3D-LLM: Injecting the 3D World into Large Language Models (NeurIPS 2023 Spotlight)

Yining Hong, Haoyu Zhen, Peihao Chen, Shuhong Zheng, Yilun Du, Zhenfang Chen, Chuang Gan

3D-LLM is the first Large Language Model that could take 3D representations as inputs. It is able to handle both object (e.g., objaverse) and scene data (e.g., scannet & hm3d).

Installation

Install salesforce-lavis

$ conda create -n lavis python=3.8
$ conda activate lavis

$ git clone https://github.com/salesforce/LAVIS.git SalesForce-LAVIS
$ cd SalesForce-LAVIS
$ pip install -e .

$ pip install positional_encodings

Checkpoints

Pretraining Checkpoints

Pretrained checkpoints are released (Please use v2!)

Finetuning Checkpoints

Finetuning checkpoints for ScanQA, SQA3d, and 3DMV_VQA are released. The results are better than preprint-version paper. We will update the camera-ready paper to the arxiv soon.

Quick Start: Inference

Download the objaverse subset features here. Download the pretrained checkpoints. For more details, please refer to 3DLLM_BLIP2-base/DEMO.md.

$ cd 3DLLM_BLIP2-base
$ conda activate lavis

python inference.py # for objects
python inference.py --mode room # for scenes

TODO: huggingface auto load checkpoint.

Finetuning

Finetuning config yaml files that need to be changed are in this directory

Download the pretrained checkpoints. Modify the "resume_checkpoint_path" path in the yaml files
Download the questions, modify the "annotations" path in the yaml files
Download the scannet features or 3dmv-vqa features. Modify the path (both train and val) in lavis/datasets/datasets/threedvqa_datasets.py

$ cd 3DLLM_BLIP2-base

$ conda activate lavis

python -m torch.distributed.run --nproc_per_node=8 train.py --cfg-path lavis/projects/blip2/train/<finetune_yaml_file>

You can also load the finetuning checkpoints here.

5.Calculating scores

cd calculate_scores
python calculate_score_<task>.py --folder <your result dir> --epoch <your epoch>

please also modify the feature and question path in the scripts

TODO: huggingface auto load checkpoint.

Data

All data will be gradually released in Google Drive and Huggingface (All files are released in Google Drive first and then Huggingface. Please refer to the Google Drive for file structure)

Pretraining Data

We are still cleaning the grounding & navigation part. All other pre-training data are released.

Object Data

Language annotations of object data released here.

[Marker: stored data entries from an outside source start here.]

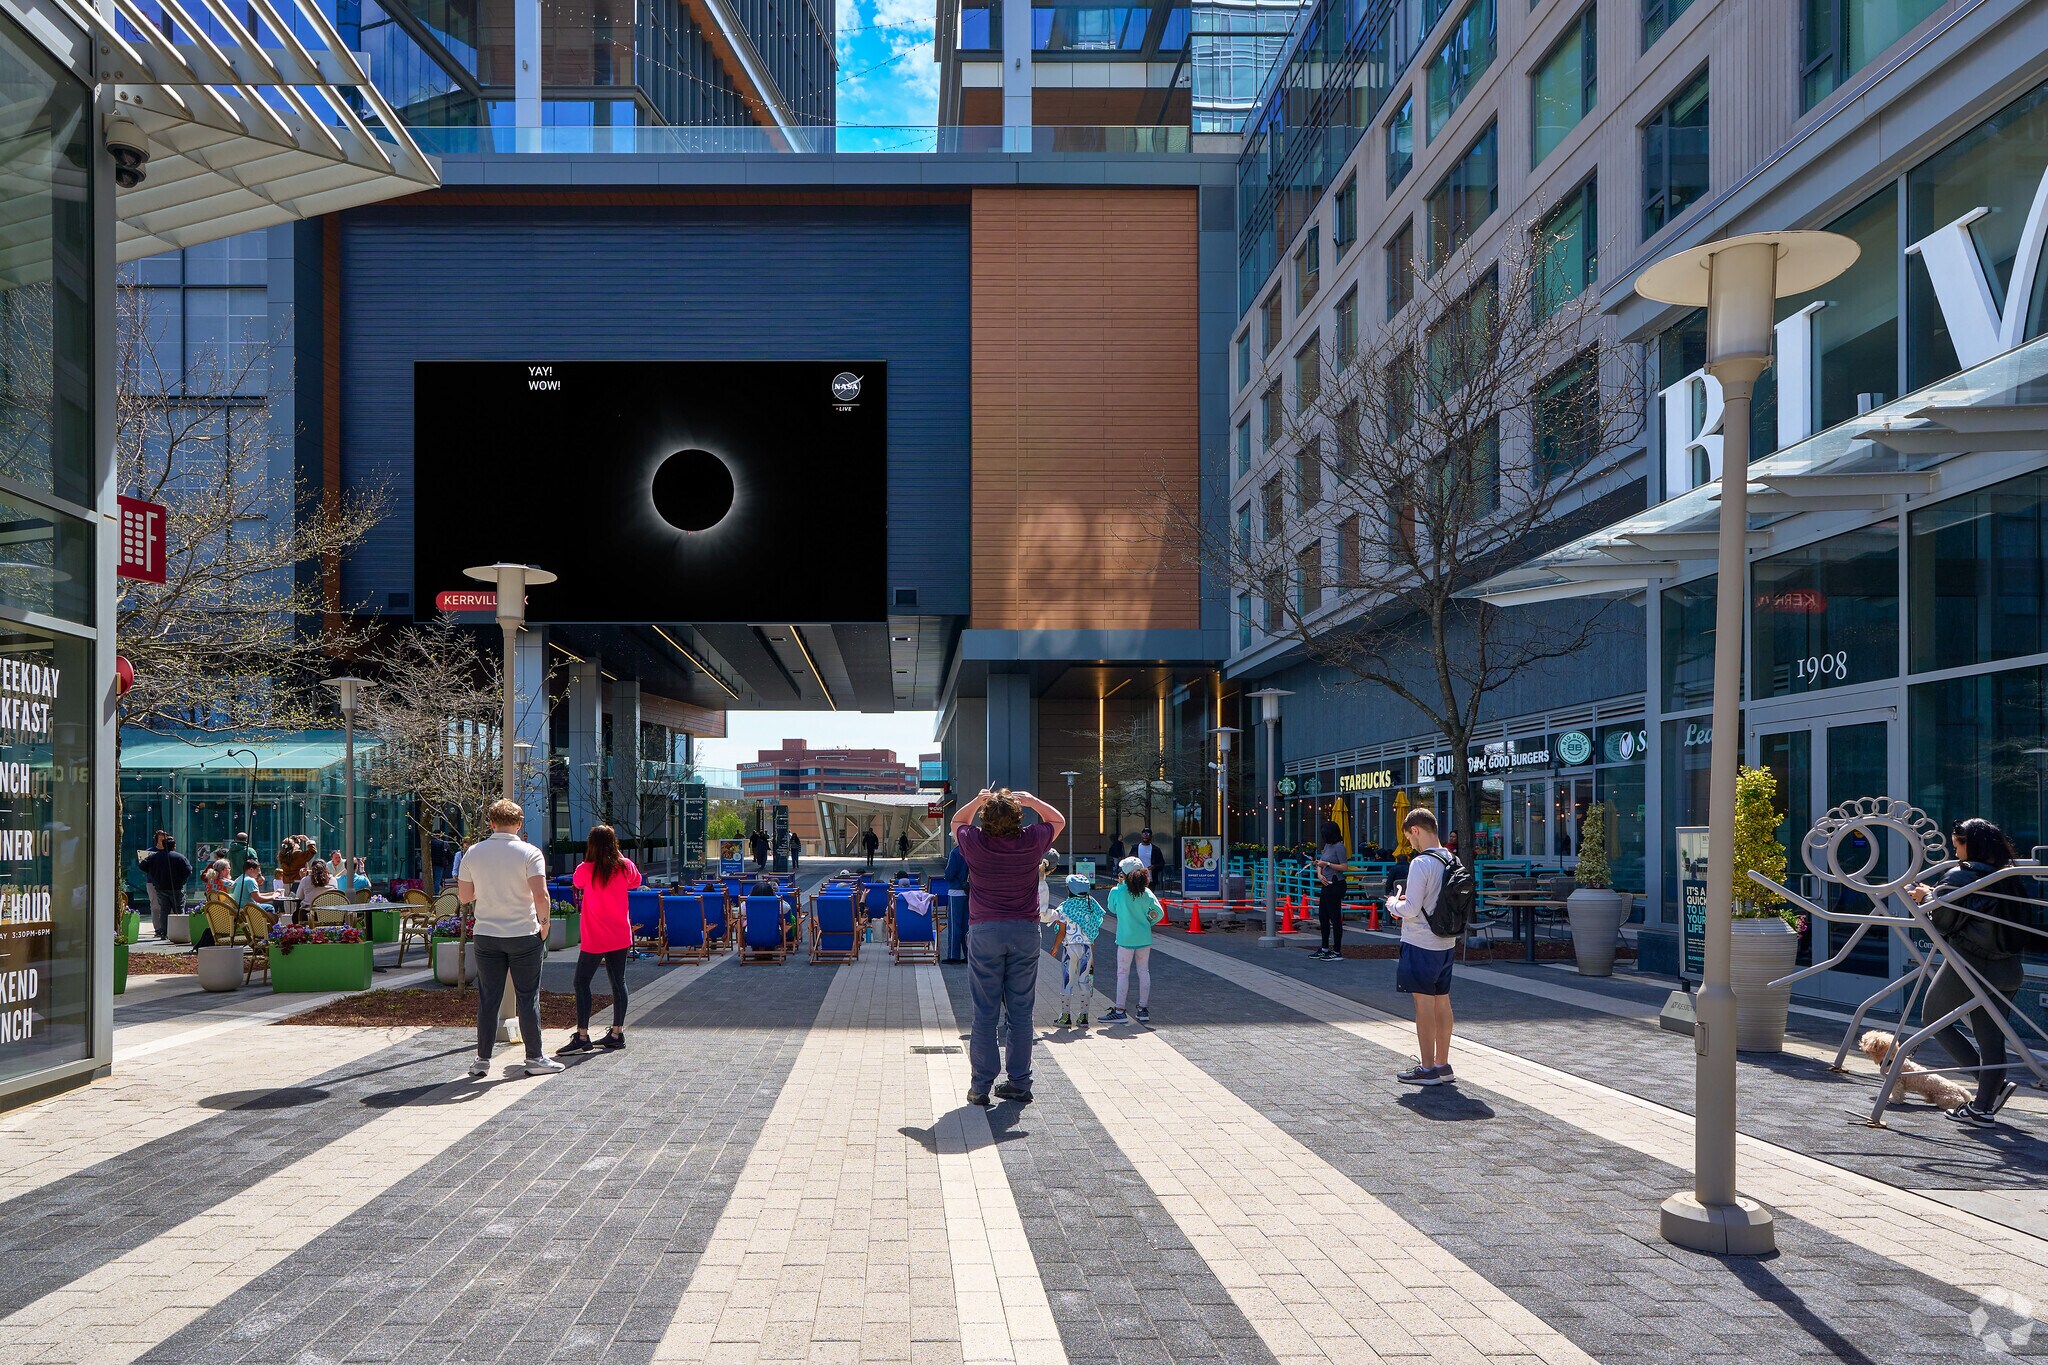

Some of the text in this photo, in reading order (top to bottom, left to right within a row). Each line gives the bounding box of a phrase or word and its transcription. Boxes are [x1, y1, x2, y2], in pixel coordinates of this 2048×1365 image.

[528, 366, 553, 376] YAY!
[528, 380, 561, 391] WOW!
[444, 595, 497, 605] KERRVILL
[1796, 650, 1847, 685] 1908
[0, 657, 60, 699] EEKDAY
[1418, 757, 1436, 777] BIG
[1489, 754, 1510, 769] GOOD
[1511, 749, 1550, 766] BURGERS
[1340, 769, 1391, 792] STARBUCKS
[1686, 886, 1706, 896] IT'S A
[11, 891, 51, 925] HOUR
[1687, 905, 1697, 914] TO

For downloading Objaverse data, please refer to Objaverse website.

To get 3D features and point clouds of the Objaverse data, please refer to Step1 and Step3 of 3DLanguage Data generation - ChatCaptioner based

A small set of objaverse features is released here.

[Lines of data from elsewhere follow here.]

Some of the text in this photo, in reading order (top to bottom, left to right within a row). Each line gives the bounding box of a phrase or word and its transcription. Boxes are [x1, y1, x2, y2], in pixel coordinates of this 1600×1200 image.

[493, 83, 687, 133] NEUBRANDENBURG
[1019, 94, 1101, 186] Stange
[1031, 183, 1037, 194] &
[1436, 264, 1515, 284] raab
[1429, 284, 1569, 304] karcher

TODO: We will probably release the whole set of Objaverse 3D features

Scene Data

Language data released here.

3D features and point clouds (~250G) are released here. However, if you want to explore generating the features yourself, please refer to the Three-step 3D Feature Extraction part here. Please use v2 to be consistent with the checkpoints (and also result in better performances).

chat: 73103. task: 84531

Finetuning Data

3D features and point clouds of Scannet (used for finetuning ScanQA and SQA3D) are released in here. 3D features and point clouds of 3DMV-VQA are released here (3DMV-VQA data will be further updated for a clearer structure).

All questions can be found here.

3DLanguage Data Generation

ChatCaptioner based / Three-step 3D Feature Extraction (Objaverse)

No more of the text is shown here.